Three Billboards Outside Ebbing, Missouri

Three Billboards Outside Ebbing, Missouri refers to the trio of stark red placards with black lettering positioned on a stretch of forgotten road near the home of Mildred Hayes. Mildred, played by Frances McDormand in her most substantial role since Joel and Ethan Coen’s Fargo (1996), paid $5,000 for their placement, and she knew what local controversy they would cause. “Raped While Dying,” the first reads. The second follows “And Still No Arrests?” And then the third, “How Come, Chief Willoughby?” The billboards refer to Mildred’s teenage daughter Angela, who was brutally raped, murdered, and set afire seven months earlier. There’s still a patch of blackened grass where her assailant attempted to burn the body. Vilified not for the crime but for his inability to bring those responsible to justice, Chief Willoughby (Woody Harrelson) is nonetheless an honest cop doing his best with little evidence to pursue. Even so, the mounting war between Mildred and Willoughby’s department leads to a blurring of moral boundaries, but also an aching sense that certain wrongs can never be made right again.

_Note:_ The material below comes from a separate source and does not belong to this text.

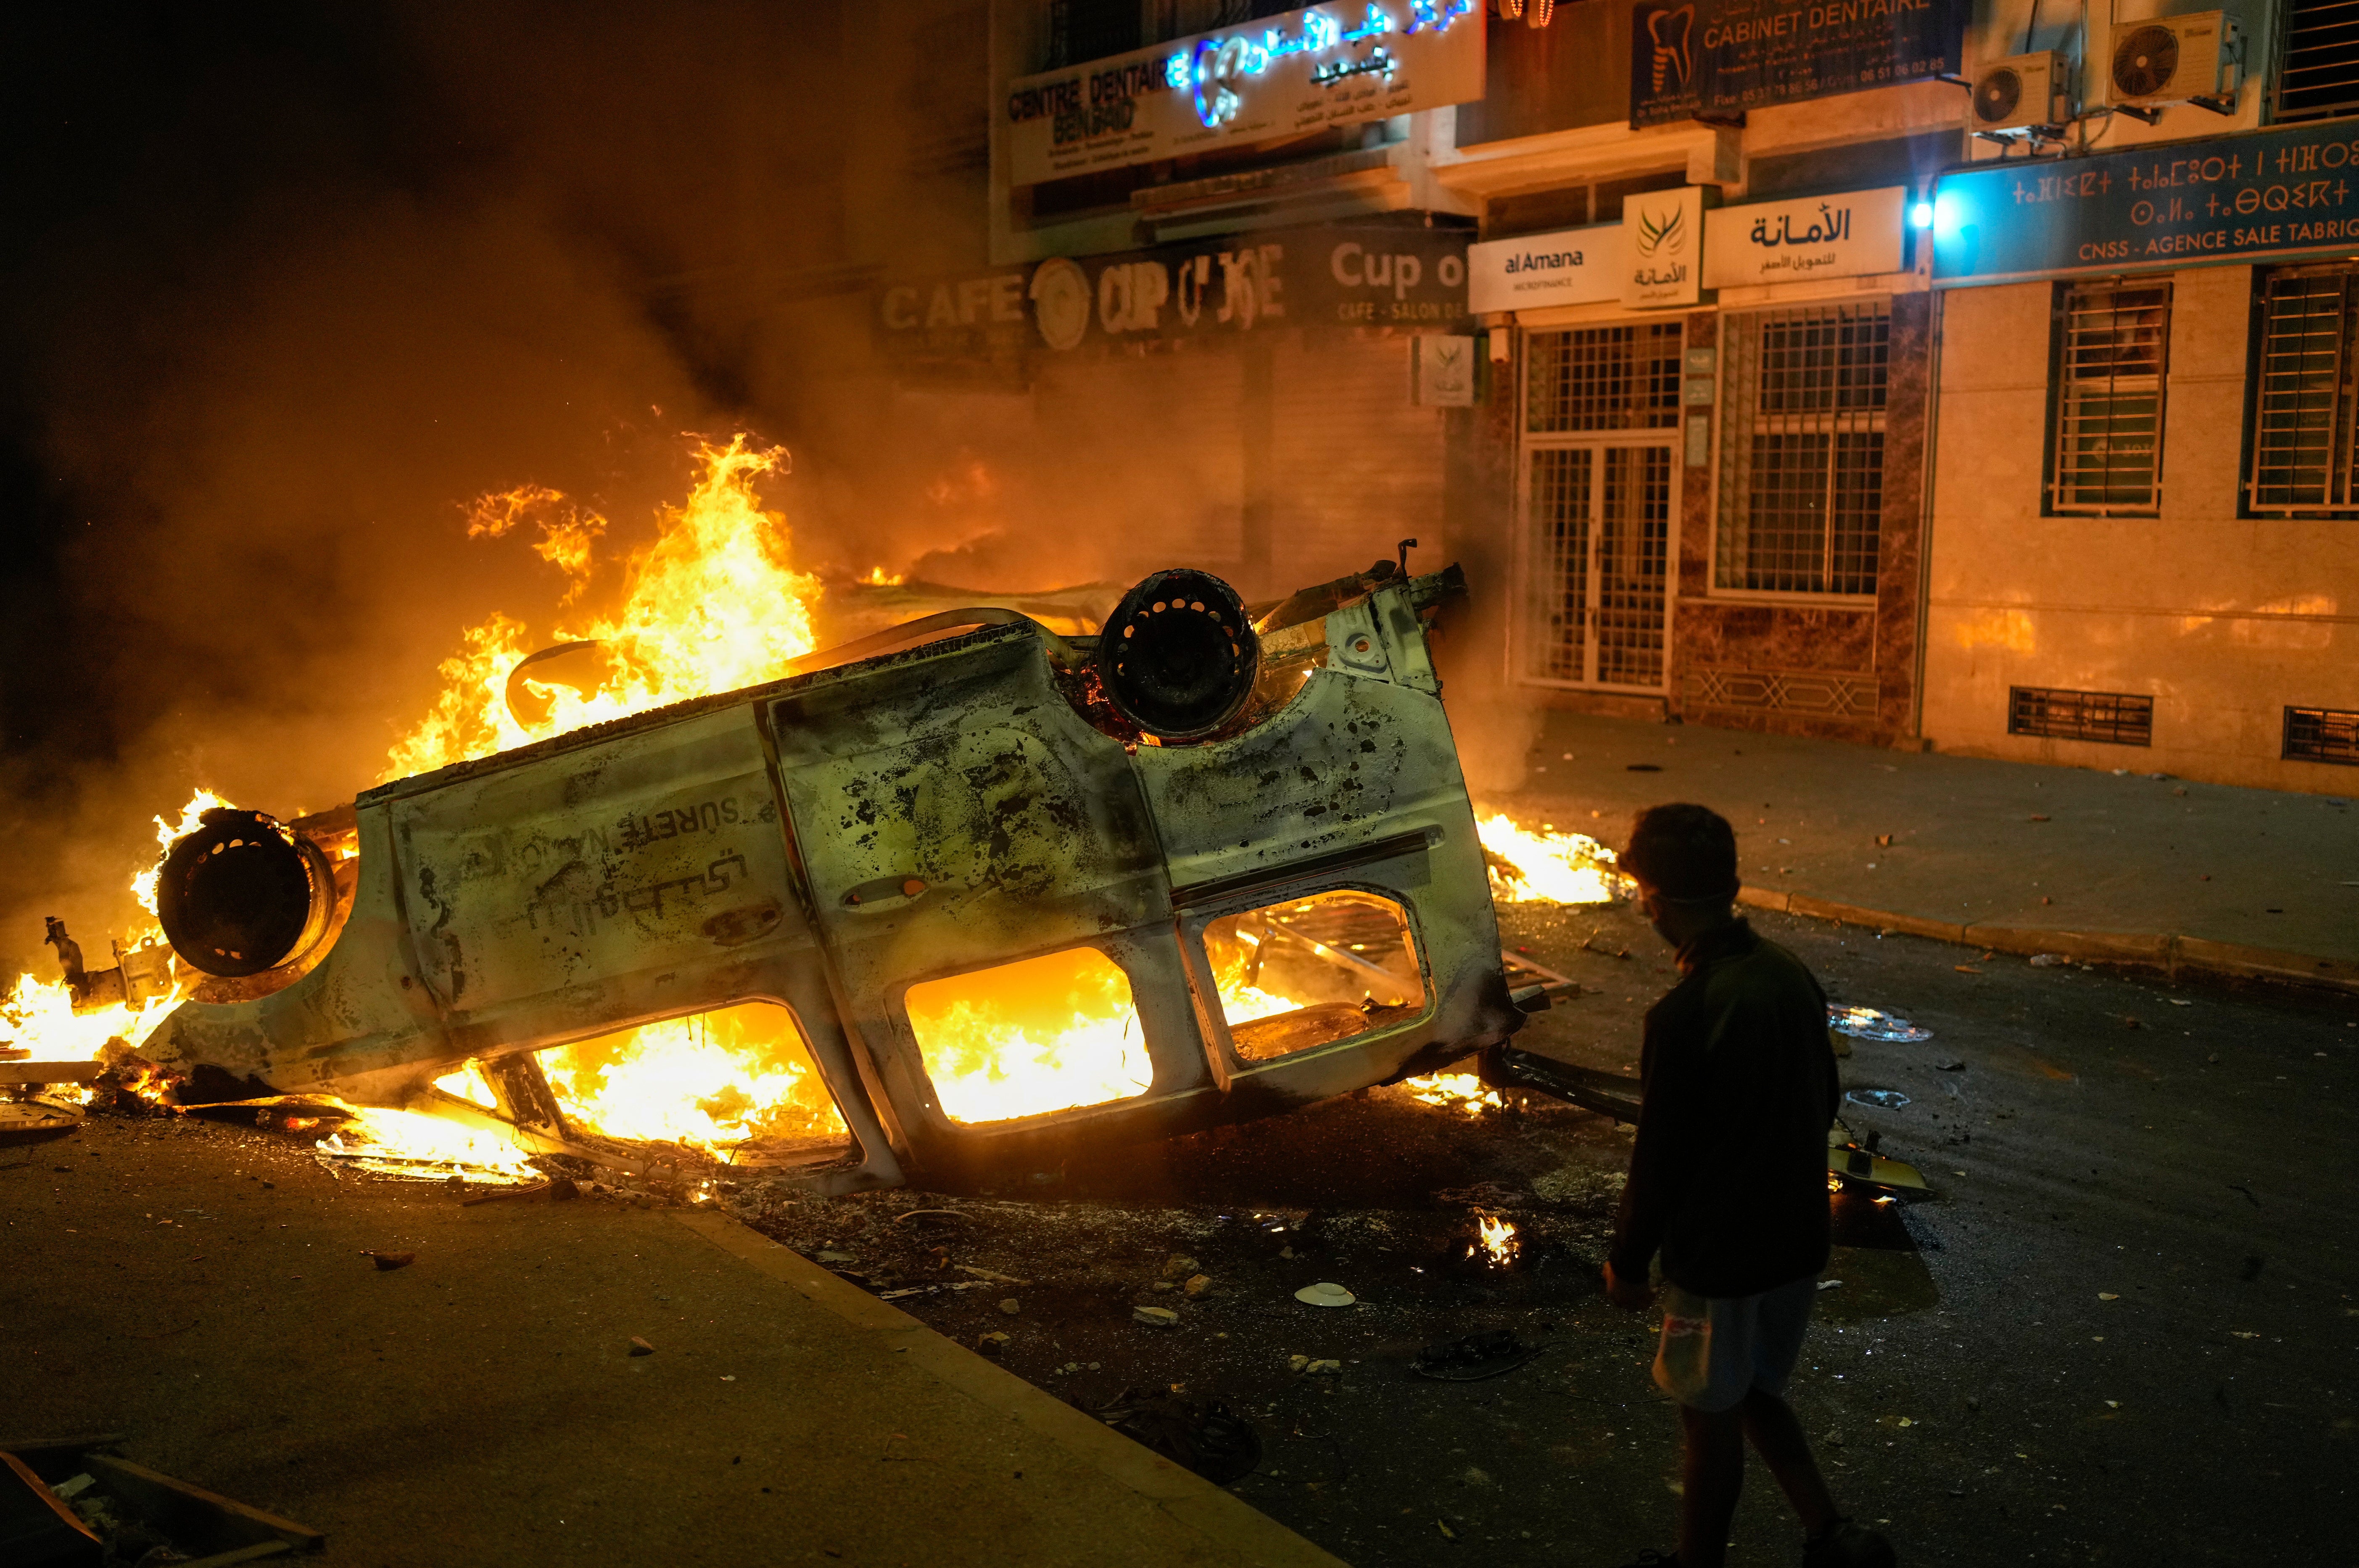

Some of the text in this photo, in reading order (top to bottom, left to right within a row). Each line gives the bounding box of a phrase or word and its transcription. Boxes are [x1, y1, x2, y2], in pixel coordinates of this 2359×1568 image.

Martin McDonagh’s third feature, Three Billboards Outside Ebbing, Missouri follows the Irish playwright’s outstanding debut In Bruges (2008) and lighter follow-up Seven Psychopaths (2012)—though, unlike his first two films, his third does not make use of Colin Farrell’s considerable talent. Emerging from the post-Tarantino style of hitmen characters, punchy dialogue, and pop-culture references, McDonagh’s unique brand of gravitas and philosophizing sets his work apart from others of this ilk. He puts aside most of those familiar contrivances for his third film as writer-director, offering something more serious and less rooted in comedy. Still, he writes films in a way that another playwright-turned-filmmaker, David Mamet, does—McDonagh uses a distinct style of biting dialogue in a plot structured around deliberate scenes that deepen characters and themes. Although his films never feel like a play that has been transitioned to the screen, the dialogue is mannered, and the material contains a metaphoric substance that yearns to be adapted for the stage.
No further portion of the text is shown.